DATA EXCERPTS START

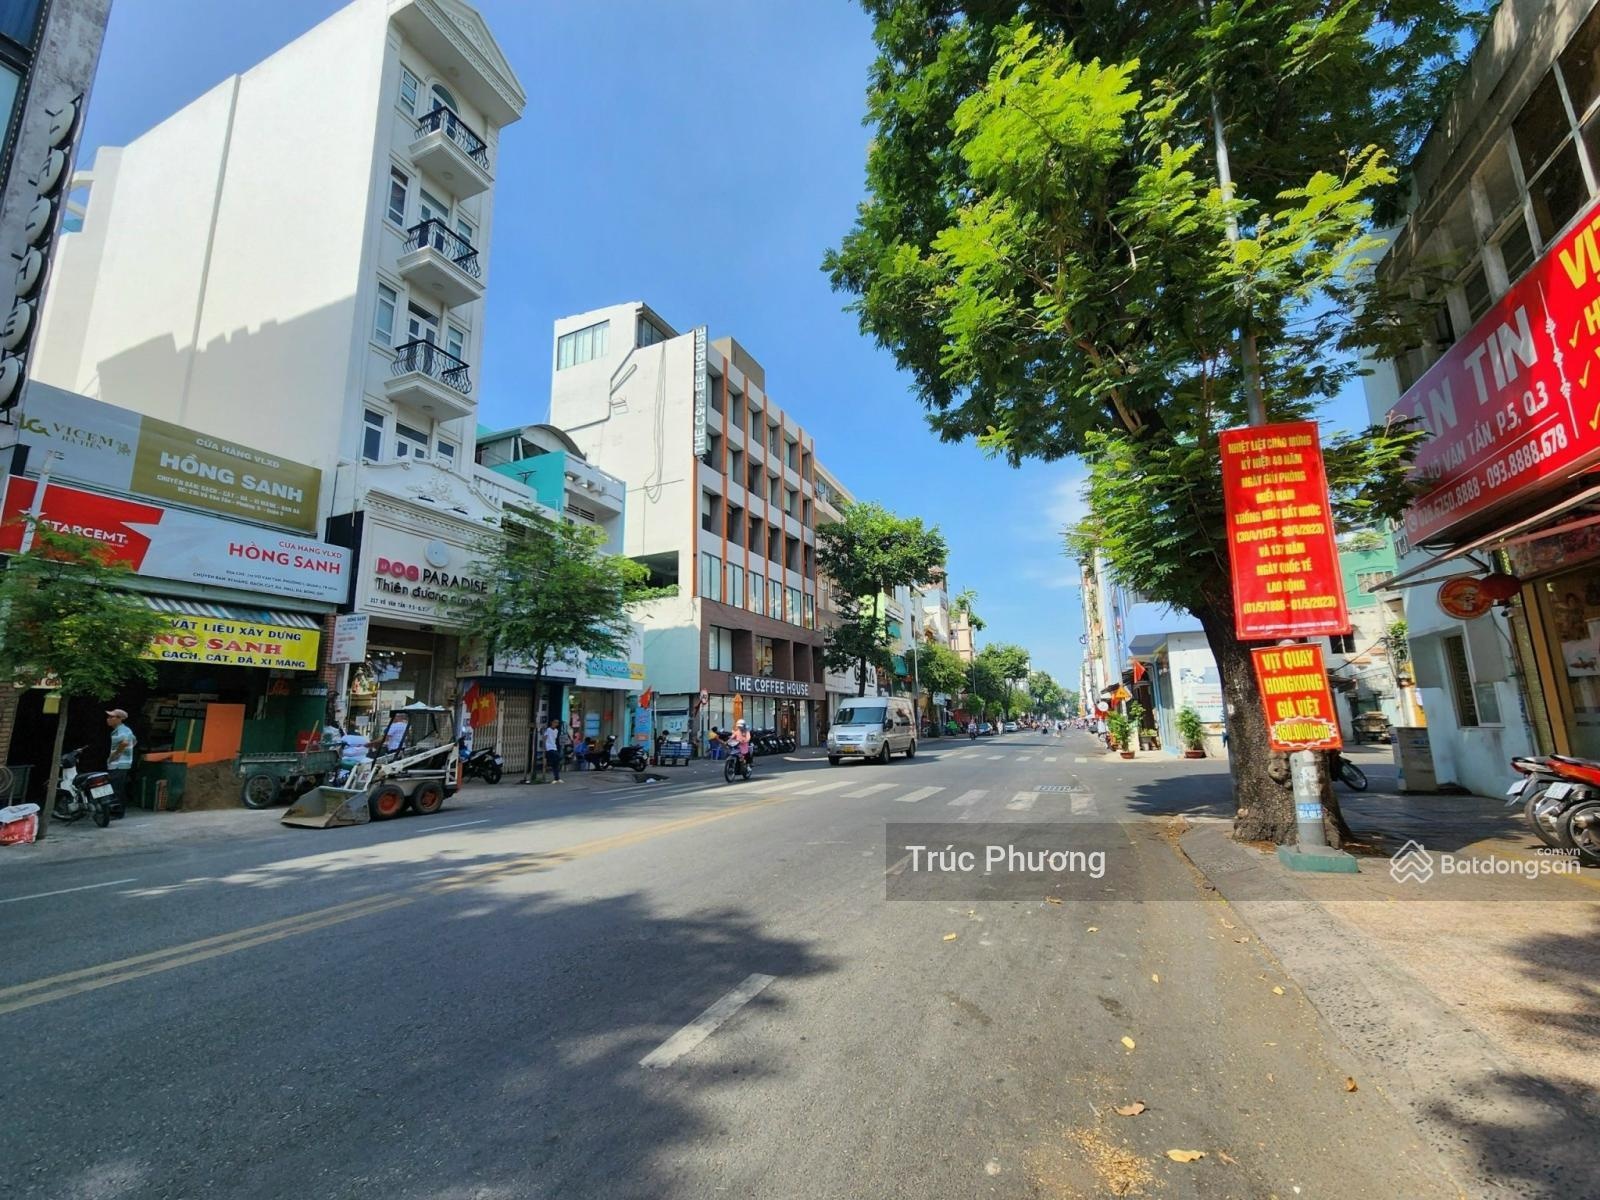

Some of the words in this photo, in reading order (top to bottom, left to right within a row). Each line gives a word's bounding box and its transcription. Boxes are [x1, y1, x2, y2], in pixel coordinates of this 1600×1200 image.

[1558, 214, 1600, 289] VỊ
[695, 326, 707, 371] HOUSE
[1523, 380, 1549, 417] Q.3
[53, 422, 114, 447] VICEM
[694, 426, 706, 455] THE
[254, 456, 280, 469] VLXD
[1486, 422, 1568, 490] 093.8888.678
[159, 450, 235, 485] HỒNG
[241, 474, 304, 502] SANH
[229, 540, 289, 566] HỒNG
[294, 555, 341, 575] SANH
[375, 557, 420, 582] DOG
[423, 567, 488, 595] PARADISE
[375, 577, 409, 596] Thiên
[203, 622, 235, 635] LIỆU
[239, 626, 264, 637] XÂY
[207, 638, 283, 655] SANH
[261, 657, 272, 666] XI
[1261, 652, 1281, 674] VỊT
[1282, 649, 1314, 670] QUAY
[734, 676, 752, 692] THE
[755, 678, 785, 695] COFFEE
[786, 683, 809, 697] HOUSE
[1263, 673, 1325, 695] HONGKONG
[1276, 696, 1297, 719] GIÁ
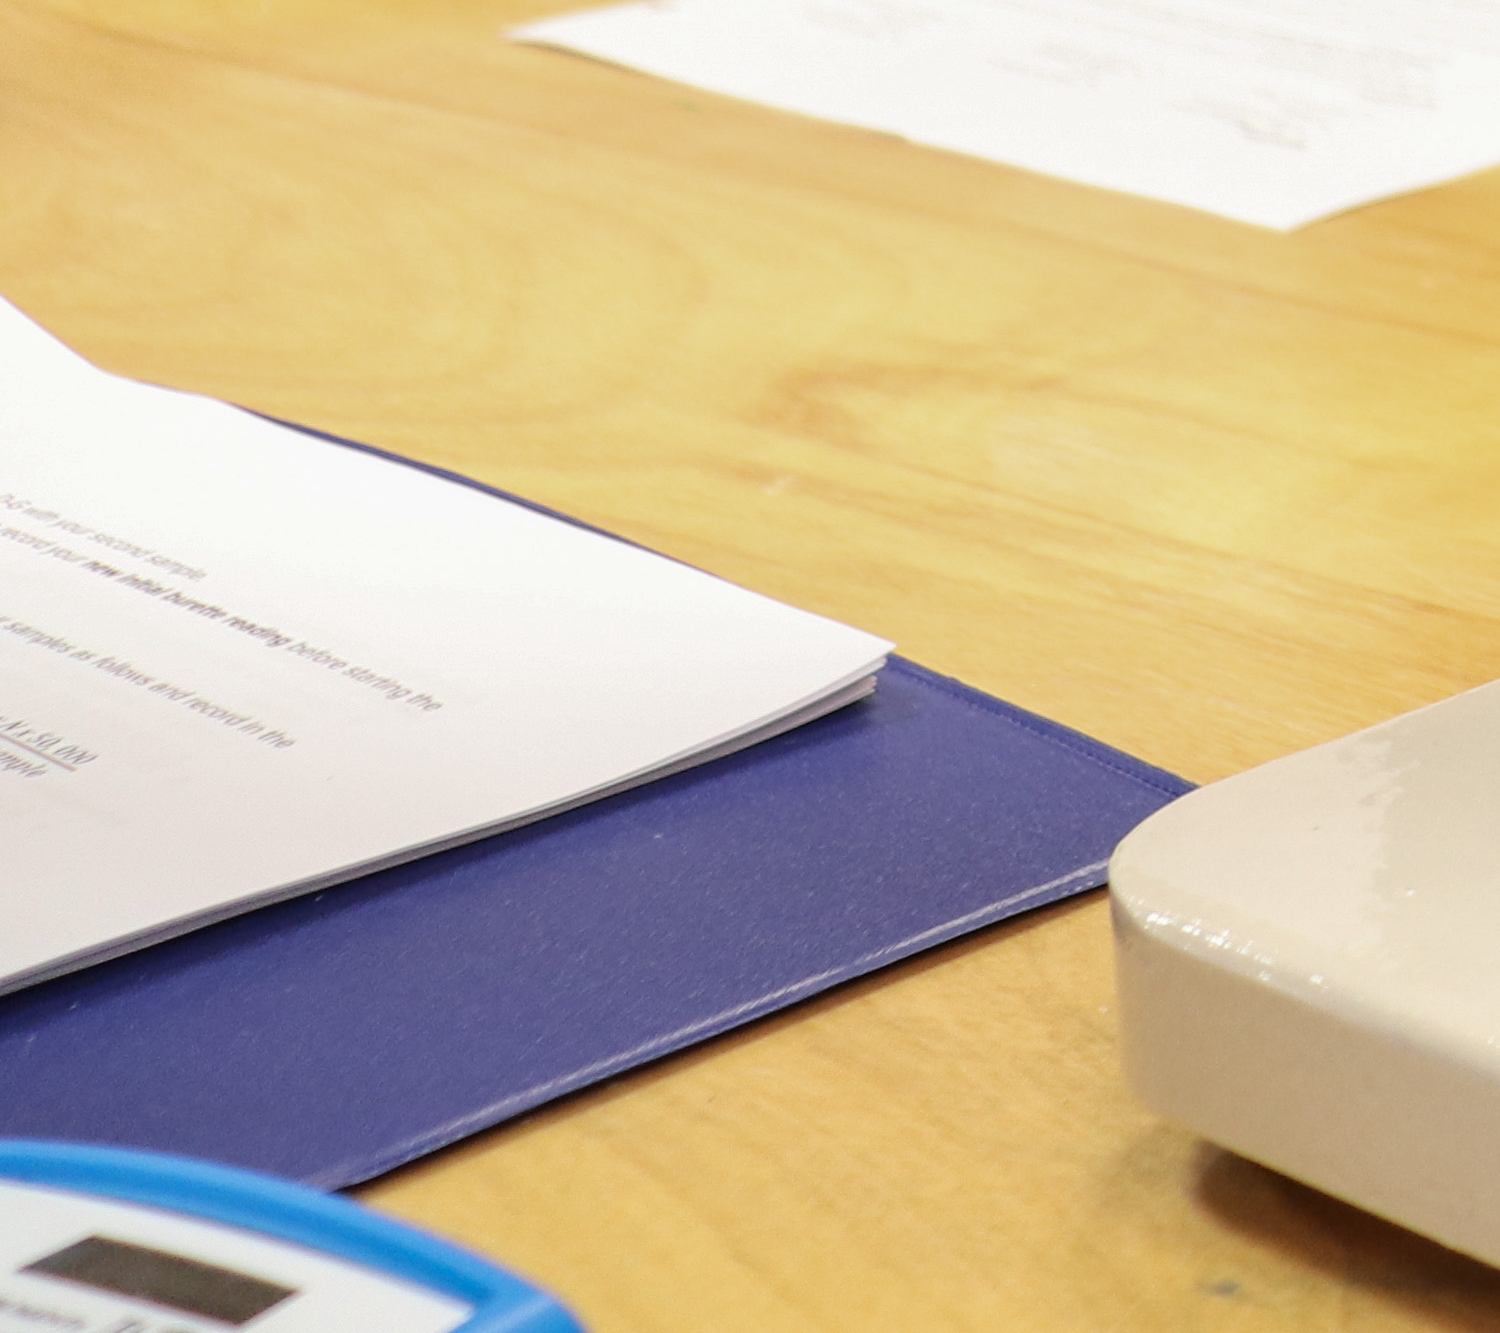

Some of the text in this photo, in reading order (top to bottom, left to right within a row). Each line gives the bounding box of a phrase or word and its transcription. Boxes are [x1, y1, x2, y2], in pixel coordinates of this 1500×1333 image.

DATA EXCERPTS END

Copy out the entries exactly as they stand, omitting the images.

Some of the words in this photo, in reading order (top to bottom, left to right within a row). Each line gives a word's bounding box and its transcription. Boxes are [x1, y1, x2, y2], in pixel coordinates of this 1600×1200 image.

[1558, 214, 1600, 289] VỊ
[695, 326, 707, 371] HOUSE
[1523, 380, 1549, 417] Q.3
[53, 422, 114, 447] VICEM
[694, 426, 706, 455] THE
[254, 456, 280, 469] VLXD
[1486, 422, 1568, 490] 093.8888.678
[159, 450, 235, 485] HỒNG
[241, 474, 304, 502] SANH
[229, 540, 289, 566] HỒNG
[294, 555, 341, 575] SANH
[375, 557, 420, 582] DOG
[423, 567, 488, 595] PARADISE
[375, 577, 409, 596] Thiên
[203, 622, 235, 635] LIỆU
[239, 626, 264, 637] XÂY
[207, 638, 283, 655] SANH
[261, 657, 272, 666] XI
[1261, 652, 1281, 674] VỊT
[1282, 649, 1314, 670] QUAY
[734, 676, 752, 692] THE
[755, 678, 785, 695] COFFEE
[786, 683, 809, 697] HOUSE
[1263, 673, 1325, 695] HONGKONG
[1276, 696, 1297, 719] GIÁ

Some of the text in this photo, in reading order (top to bottom, left to right within a row). Each line gives the bounding box of a phrase or word and its transcription. Boxes are [x1, y1, x2, y2], in pixel coordinates of this 1500×1333 image.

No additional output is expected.